* _Data supplied_:
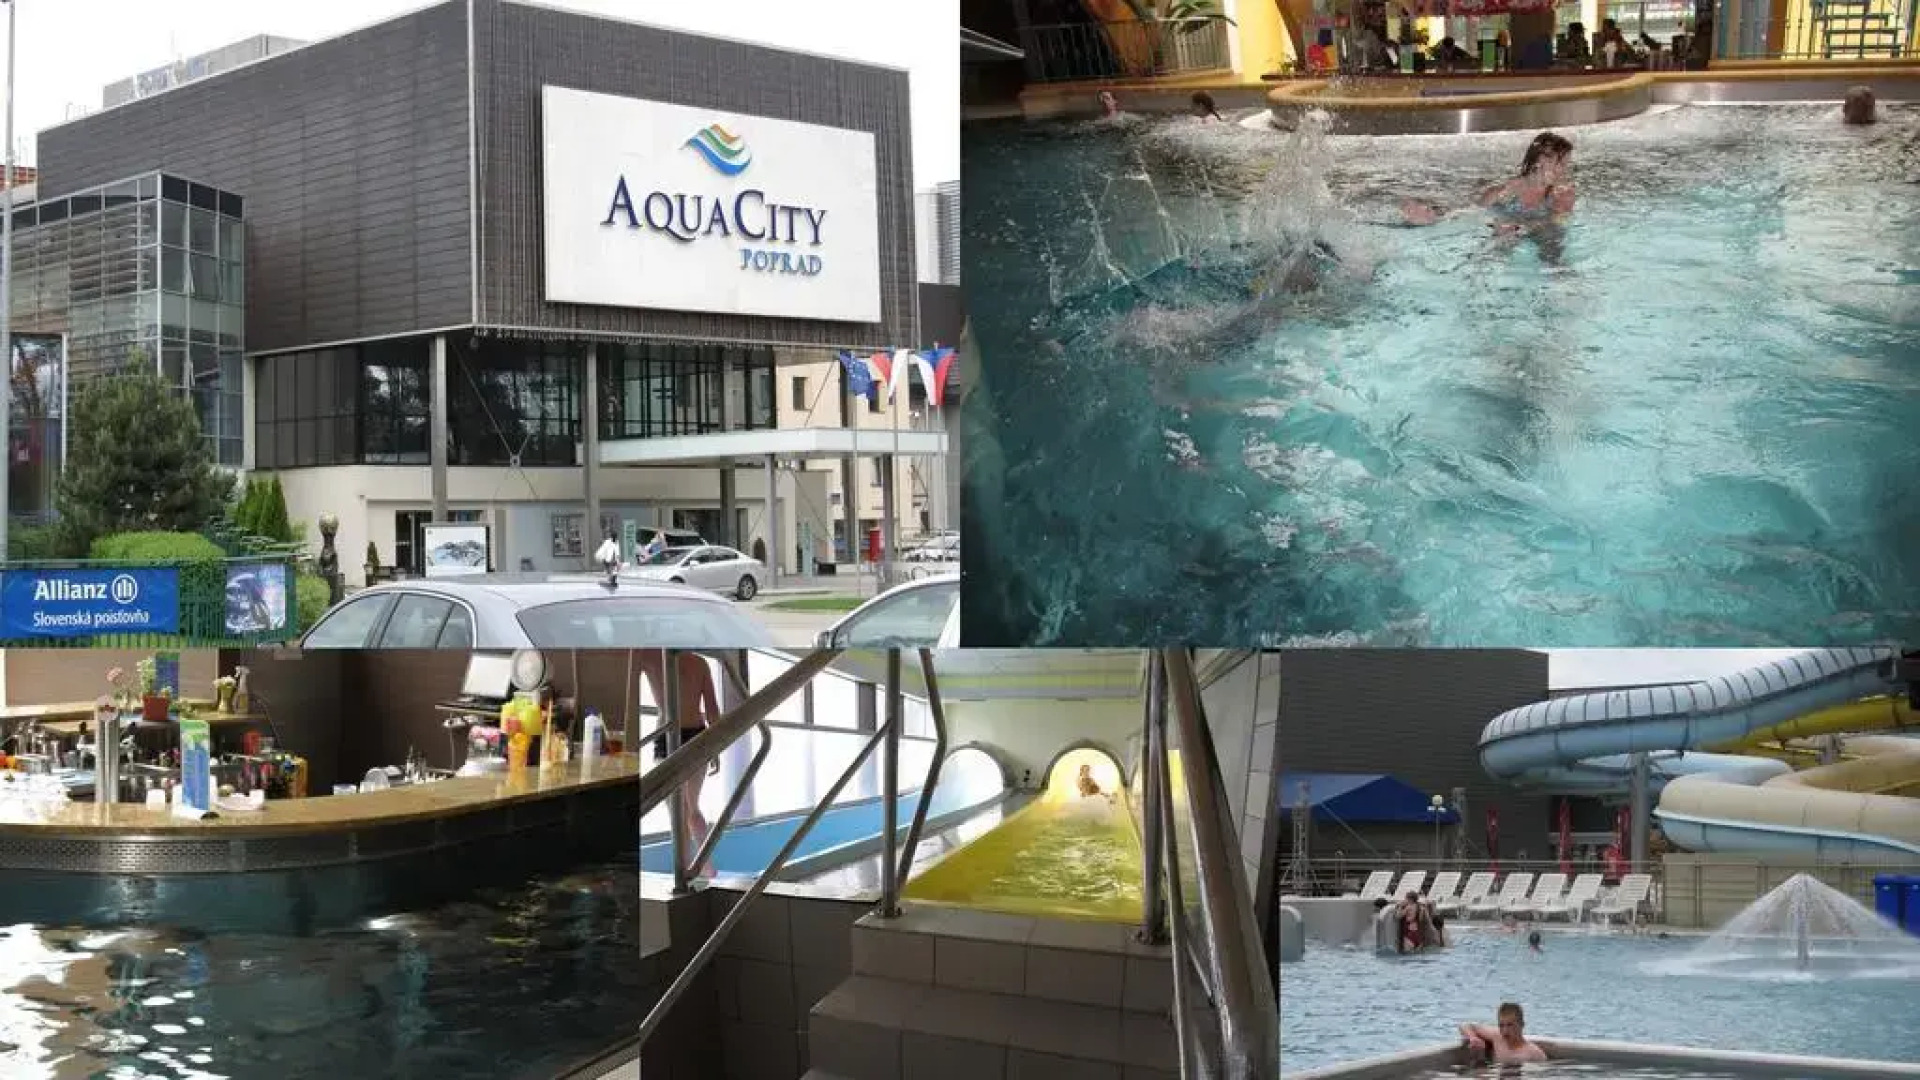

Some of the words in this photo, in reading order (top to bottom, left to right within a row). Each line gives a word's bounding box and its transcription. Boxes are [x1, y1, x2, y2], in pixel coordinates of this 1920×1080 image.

[739, 248, 823, 276] POPRAD
[33, 579, 108, 601] Allianz
[33, 609, 91, 627] Slovenská
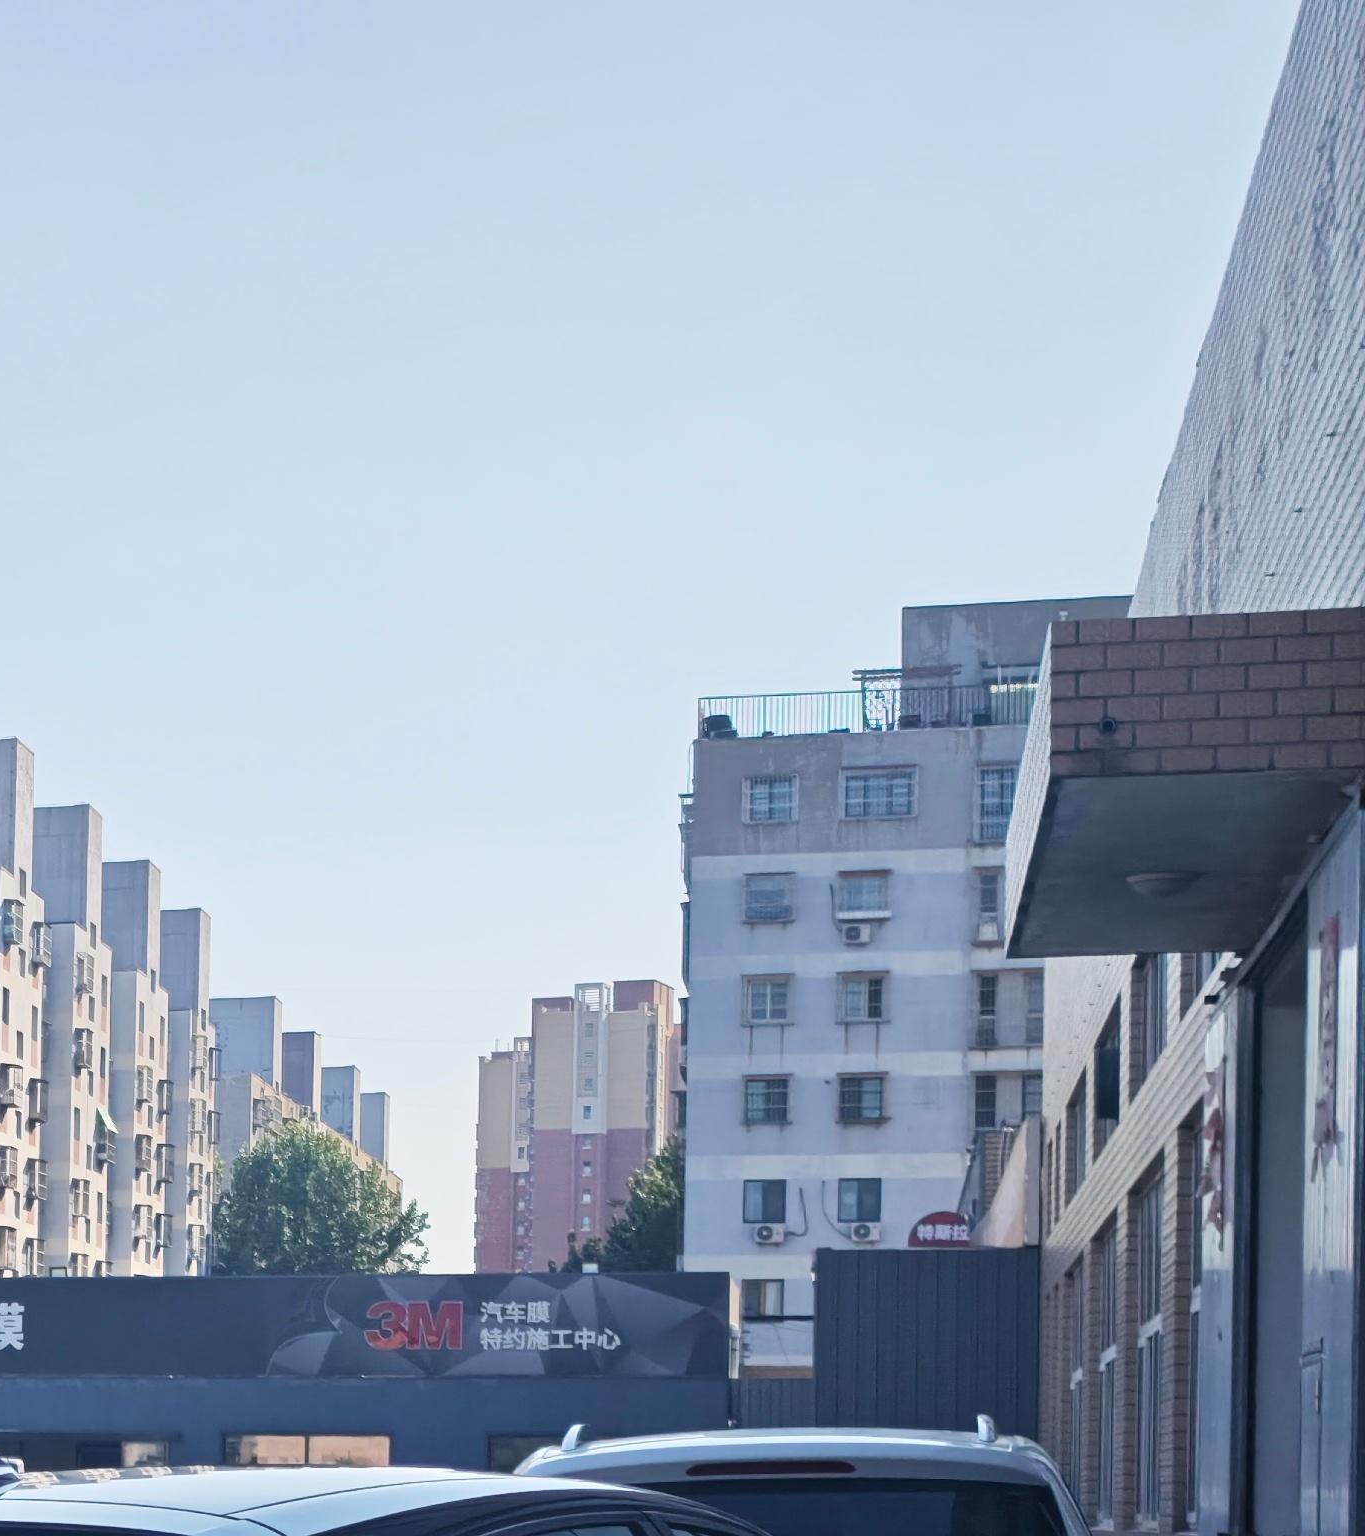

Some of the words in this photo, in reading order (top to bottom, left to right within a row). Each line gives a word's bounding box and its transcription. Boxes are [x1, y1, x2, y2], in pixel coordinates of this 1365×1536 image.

[479, 1300, 551, 1324] 汽车膜
[364, 1301, 463, 1350] 3M
[479, 1327, 622, 1351] 特约施工中心
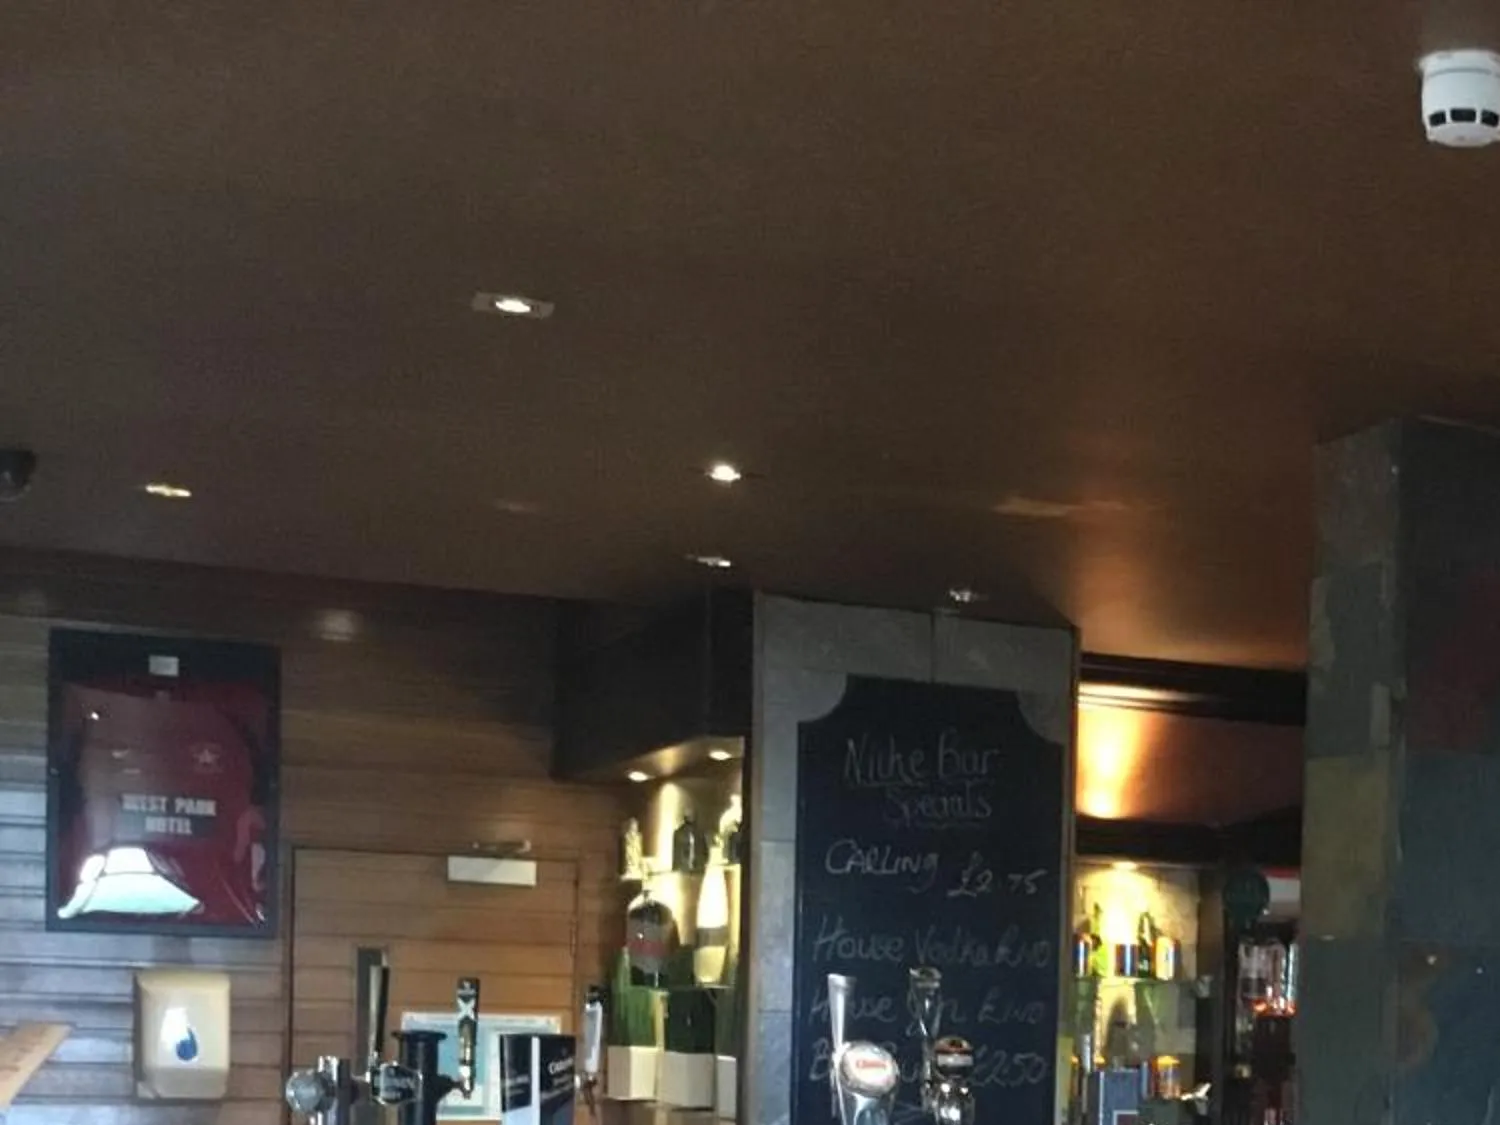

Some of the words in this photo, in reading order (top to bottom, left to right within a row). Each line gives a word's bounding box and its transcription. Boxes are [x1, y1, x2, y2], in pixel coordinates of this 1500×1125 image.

[937, 727, 1001, 779] Bar
[144, 816, 192, 835] HOTEL
[175, 796, 218, 816] PARK
[812, 913, 904, 961] House
[808, 986, 897, 1026] Huse
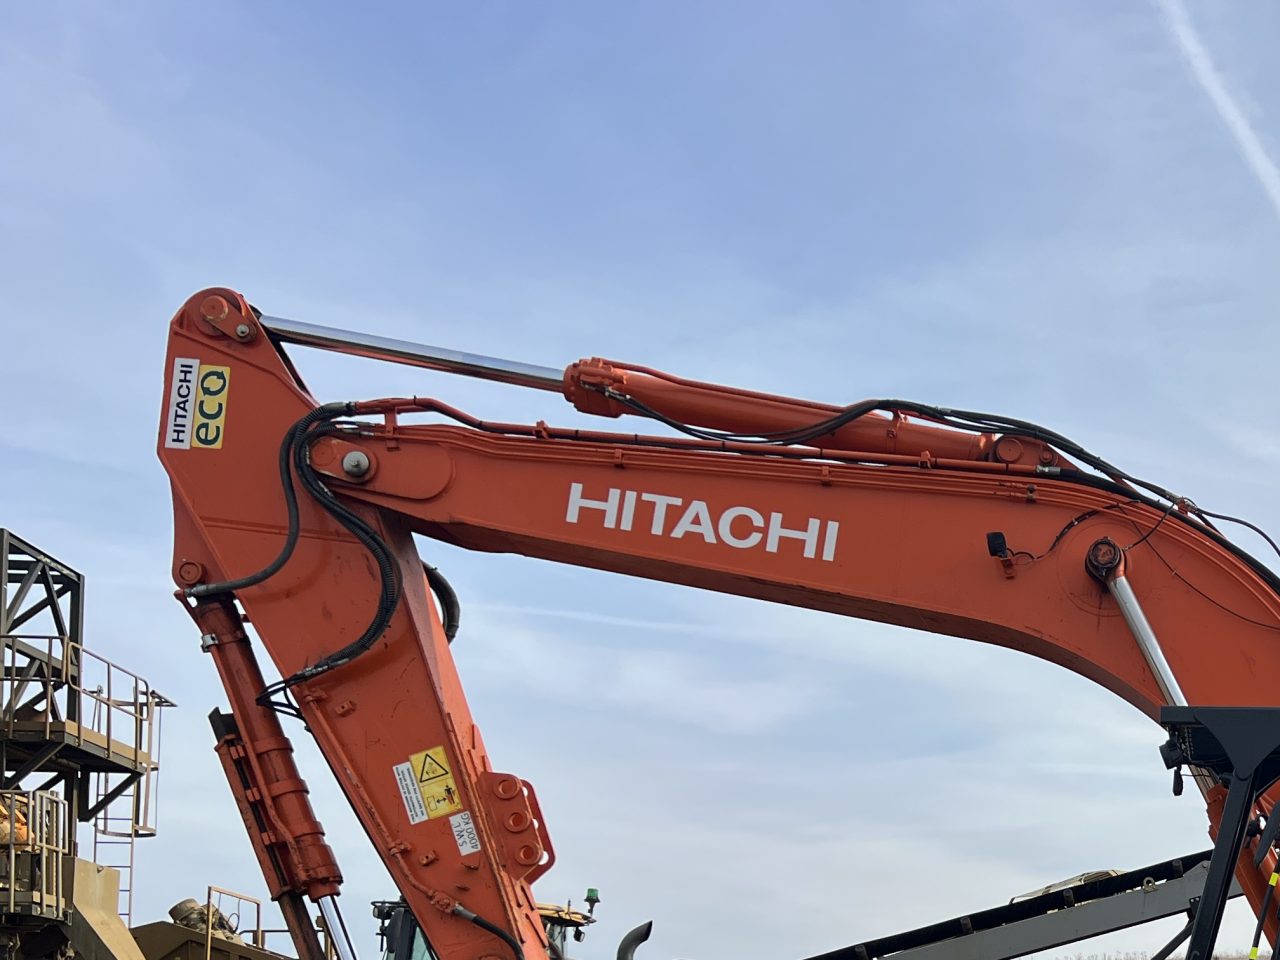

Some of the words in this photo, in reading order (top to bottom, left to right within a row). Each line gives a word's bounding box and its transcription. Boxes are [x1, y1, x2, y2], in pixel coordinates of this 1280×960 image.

[172, 364, 193, 443] HITACHI
[566, 482, 840, 562] HITACHI
[460, 813, 472, 826] KG
[465, 827, 479, 849] 4000
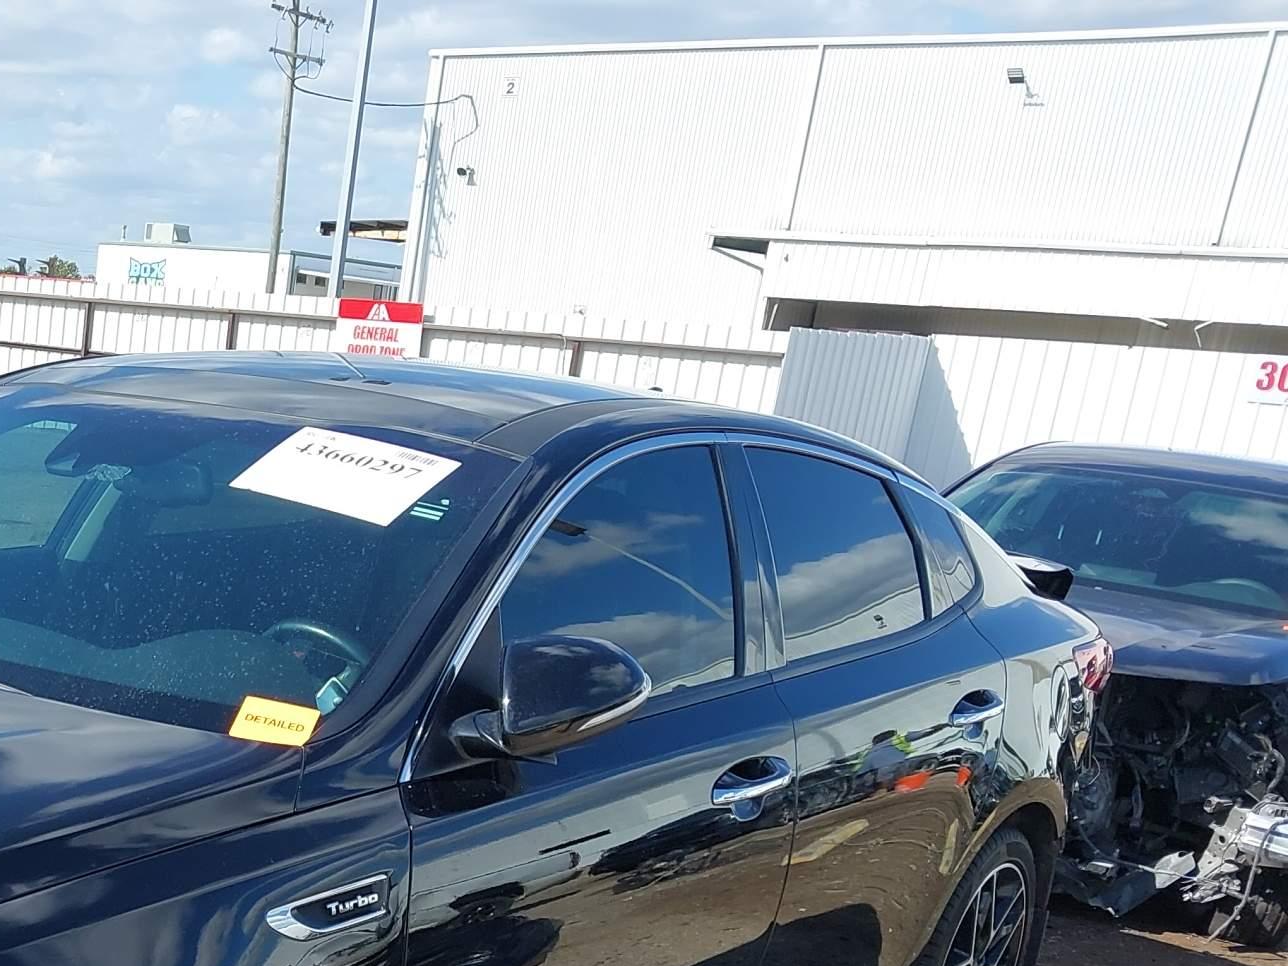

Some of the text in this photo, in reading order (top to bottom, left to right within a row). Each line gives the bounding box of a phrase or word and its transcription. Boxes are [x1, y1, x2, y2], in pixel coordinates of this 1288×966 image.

* _Prompt_:
Leave out the pictures, and write out exactly the lines from the one containing "this 1500×1125 image." through the last line of the listing, both included.

* _Written answer_:
Some of the words in this photo, in reading order (top to bottom, left to right within a row). Each line gives a word's bounding box and its transcription. Boxes are [x1, y1, x2, y2], in pixel coordinates of this 1500×1125 image.

[937, 727, 1001, 779] Bar
[144, 816, 192, 835] HOTEL
[175, 796, 218, 816] PARK
[812, 913, 904, 961] House
[808, 986, 897, 1026] Huse

Some of the words in this photo, in reading order (top to bottom, left to right within a row). Each line gives a word's bounding box and its transcription. Boxes are [x1, y1, x2, y2], in pixel coordinates of this 1280×960 image.

[172, 364, 193, 443] HITACHI
[566, 482, 840, 562] HITACHI
[460, 813, 472, 826] KG
[465, 827, 479, 849] 4000

Some of the text in this photo, in reading order (top to bottom, left to right within a row). Each line gives the bounding box of a phrase or word and its transcription. Boxes are [x1, y1, x2, y2], in pixel coordinates of this 1288×966 image.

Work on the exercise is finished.